What you should do: After finding the line that contains "this 960×1200 image." in the material below, print that line and all subsequent lines exactly, up to and including the last.

Records supplied:

BEGIN

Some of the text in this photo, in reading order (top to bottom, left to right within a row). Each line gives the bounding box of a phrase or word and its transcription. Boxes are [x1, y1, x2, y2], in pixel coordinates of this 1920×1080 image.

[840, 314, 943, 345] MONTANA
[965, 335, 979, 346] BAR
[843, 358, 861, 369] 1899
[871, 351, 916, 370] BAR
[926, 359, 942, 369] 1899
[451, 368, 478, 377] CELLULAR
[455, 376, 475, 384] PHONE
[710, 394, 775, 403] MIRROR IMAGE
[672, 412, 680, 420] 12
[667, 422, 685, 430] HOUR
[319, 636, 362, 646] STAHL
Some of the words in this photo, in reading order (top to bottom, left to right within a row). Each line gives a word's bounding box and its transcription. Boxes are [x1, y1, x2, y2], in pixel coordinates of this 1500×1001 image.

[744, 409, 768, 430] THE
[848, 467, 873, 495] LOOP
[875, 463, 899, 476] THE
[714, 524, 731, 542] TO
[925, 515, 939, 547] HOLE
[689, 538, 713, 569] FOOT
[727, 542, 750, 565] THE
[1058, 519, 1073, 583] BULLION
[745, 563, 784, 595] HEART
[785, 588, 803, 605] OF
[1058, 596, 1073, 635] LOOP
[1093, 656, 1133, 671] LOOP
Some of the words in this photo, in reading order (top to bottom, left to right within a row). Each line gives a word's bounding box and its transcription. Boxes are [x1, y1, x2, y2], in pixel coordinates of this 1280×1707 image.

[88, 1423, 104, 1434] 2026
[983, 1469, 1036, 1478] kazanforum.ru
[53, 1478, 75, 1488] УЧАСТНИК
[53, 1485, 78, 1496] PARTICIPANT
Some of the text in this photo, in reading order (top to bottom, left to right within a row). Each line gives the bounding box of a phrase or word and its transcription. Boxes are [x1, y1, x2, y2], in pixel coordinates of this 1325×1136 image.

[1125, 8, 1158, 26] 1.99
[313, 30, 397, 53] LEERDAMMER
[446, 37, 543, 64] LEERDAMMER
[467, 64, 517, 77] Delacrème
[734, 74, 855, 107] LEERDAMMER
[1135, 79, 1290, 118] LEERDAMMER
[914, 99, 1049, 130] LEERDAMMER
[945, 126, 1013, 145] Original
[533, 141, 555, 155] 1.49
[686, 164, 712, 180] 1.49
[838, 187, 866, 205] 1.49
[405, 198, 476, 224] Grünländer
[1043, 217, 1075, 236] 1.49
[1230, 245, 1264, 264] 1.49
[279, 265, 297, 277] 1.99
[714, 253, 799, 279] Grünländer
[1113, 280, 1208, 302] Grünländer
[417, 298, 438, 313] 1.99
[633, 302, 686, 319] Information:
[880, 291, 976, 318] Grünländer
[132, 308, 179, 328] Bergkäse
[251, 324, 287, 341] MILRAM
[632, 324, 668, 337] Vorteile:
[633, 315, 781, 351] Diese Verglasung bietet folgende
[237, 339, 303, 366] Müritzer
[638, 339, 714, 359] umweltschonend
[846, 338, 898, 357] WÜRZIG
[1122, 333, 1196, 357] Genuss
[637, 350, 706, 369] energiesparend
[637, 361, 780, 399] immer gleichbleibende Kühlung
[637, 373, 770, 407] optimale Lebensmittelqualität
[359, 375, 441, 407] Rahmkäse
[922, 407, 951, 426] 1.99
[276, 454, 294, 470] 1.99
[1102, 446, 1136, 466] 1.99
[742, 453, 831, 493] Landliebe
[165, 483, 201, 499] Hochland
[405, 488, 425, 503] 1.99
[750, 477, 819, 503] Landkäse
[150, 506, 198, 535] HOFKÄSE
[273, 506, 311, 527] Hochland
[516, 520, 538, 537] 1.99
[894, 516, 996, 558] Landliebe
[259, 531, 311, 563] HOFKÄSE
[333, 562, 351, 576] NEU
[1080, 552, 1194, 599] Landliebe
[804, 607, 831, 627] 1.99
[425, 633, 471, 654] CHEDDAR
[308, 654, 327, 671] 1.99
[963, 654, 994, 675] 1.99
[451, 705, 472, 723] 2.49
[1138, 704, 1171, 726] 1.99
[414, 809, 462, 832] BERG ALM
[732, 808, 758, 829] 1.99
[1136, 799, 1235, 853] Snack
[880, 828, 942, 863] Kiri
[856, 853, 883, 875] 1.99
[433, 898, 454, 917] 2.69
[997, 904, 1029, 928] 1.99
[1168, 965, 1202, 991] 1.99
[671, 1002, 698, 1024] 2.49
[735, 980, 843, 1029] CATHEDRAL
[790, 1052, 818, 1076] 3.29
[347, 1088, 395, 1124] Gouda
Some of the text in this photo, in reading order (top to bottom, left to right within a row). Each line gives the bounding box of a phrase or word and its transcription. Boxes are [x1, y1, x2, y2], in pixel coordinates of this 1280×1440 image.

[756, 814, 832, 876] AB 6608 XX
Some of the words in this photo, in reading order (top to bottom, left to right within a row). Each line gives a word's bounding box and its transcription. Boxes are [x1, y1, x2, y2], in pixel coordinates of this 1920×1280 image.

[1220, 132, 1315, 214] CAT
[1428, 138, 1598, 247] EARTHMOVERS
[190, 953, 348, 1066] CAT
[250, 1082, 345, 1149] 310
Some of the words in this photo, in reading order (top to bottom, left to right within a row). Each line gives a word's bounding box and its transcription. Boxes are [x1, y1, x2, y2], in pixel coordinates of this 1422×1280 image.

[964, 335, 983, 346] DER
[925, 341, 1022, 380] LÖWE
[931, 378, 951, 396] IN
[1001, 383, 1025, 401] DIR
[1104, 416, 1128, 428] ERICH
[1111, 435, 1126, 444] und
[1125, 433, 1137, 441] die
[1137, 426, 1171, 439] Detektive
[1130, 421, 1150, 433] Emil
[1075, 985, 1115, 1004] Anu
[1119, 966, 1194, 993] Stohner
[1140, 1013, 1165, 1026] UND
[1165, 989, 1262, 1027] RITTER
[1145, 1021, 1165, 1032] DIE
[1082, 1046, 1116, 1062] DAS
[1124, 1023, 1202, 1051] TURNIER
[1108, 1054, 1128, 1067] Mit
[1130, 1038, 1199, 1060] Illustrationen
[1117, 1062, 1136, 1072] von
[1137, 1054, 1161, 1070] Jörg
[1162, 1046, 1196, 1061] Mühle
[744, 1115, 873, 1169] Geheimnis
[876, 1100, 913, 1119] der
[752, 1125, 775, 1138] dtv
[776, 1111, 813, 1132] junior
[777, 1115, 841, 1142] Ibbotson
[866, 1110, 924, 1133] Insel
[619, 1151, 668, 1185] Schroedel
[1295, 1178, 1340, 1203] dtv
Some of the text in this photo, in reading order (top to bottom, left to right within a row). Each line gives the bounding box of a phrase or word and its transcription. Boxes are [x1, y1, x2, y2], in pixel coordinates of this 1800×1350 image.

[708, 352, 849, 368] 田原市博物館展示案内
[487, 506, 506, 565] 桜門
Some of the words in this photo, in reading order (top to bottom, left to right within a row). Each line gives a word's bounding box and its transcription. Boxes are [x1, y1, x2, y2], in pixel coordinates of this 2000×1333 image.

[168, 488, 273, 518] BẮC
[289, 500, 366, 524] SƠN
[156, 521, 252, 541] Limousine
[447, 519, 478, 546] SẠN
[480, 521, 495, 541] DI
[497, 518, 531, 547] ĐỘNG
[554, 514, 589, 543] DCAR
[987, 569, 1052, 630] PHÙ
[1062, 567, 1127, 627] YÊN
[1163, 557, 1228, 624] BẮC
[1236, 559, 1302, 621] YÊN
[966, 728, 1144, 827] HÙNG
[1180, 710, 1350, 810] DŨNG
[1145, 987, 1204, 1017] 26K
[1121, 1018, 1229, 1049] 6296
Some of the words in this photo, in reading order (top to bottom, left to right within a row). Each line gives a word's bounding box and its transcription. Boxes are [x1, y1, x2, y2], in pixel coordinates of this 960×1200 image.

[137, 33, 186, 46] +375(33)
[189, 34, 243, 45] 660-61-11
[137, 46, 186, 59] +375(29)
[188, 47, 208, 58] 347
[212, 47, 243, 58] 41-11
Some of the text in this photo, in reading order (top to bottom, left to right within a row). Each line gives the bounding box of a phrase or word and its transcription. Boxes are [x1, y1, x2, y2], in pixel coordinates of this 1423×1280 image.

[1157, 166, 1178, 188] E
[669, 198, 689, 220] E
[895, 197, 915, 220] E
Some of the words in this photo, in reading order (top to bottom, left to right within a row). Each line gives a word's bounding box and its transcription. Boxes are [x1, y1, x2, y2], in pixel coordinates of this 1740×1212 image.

END

Expected answer:
Some of the words in this photo, in reading order (top to bottom, left to right within a row). Each line gives a word's bounding box and its transcription. Boxes are [x1, y1, x2, y2], in pixel coordinates of this 960×1200 image.

[137, 33, 186, 46] +375(33)
[189, 34, 243, 45] 660-61-11
[137, 46, 186, 59] +375(29)
[188, 47, 208, 58] 347
[212, 47, 243, 58] 41-11
Some of the text in this photo, in reading order (top to bottom, left to right within a row). Each line gives the bounding box of a phrase or word and its transcription. Boxes are [x1, y1, x2, y2], in pixel coordinates of this 1423×1280 image.

[1157, 166, 1178, 188] E
[669, 198, 689, 220] E
[895, 197, 915, 220] E
Some of the words in this photo, in reading order (top to bottom, left to right within a row). Each line gives a word's bounding box and its transcription. Boxes are [x1, y1, x2, y2], in pixel coordinates of this 1740×1212 image.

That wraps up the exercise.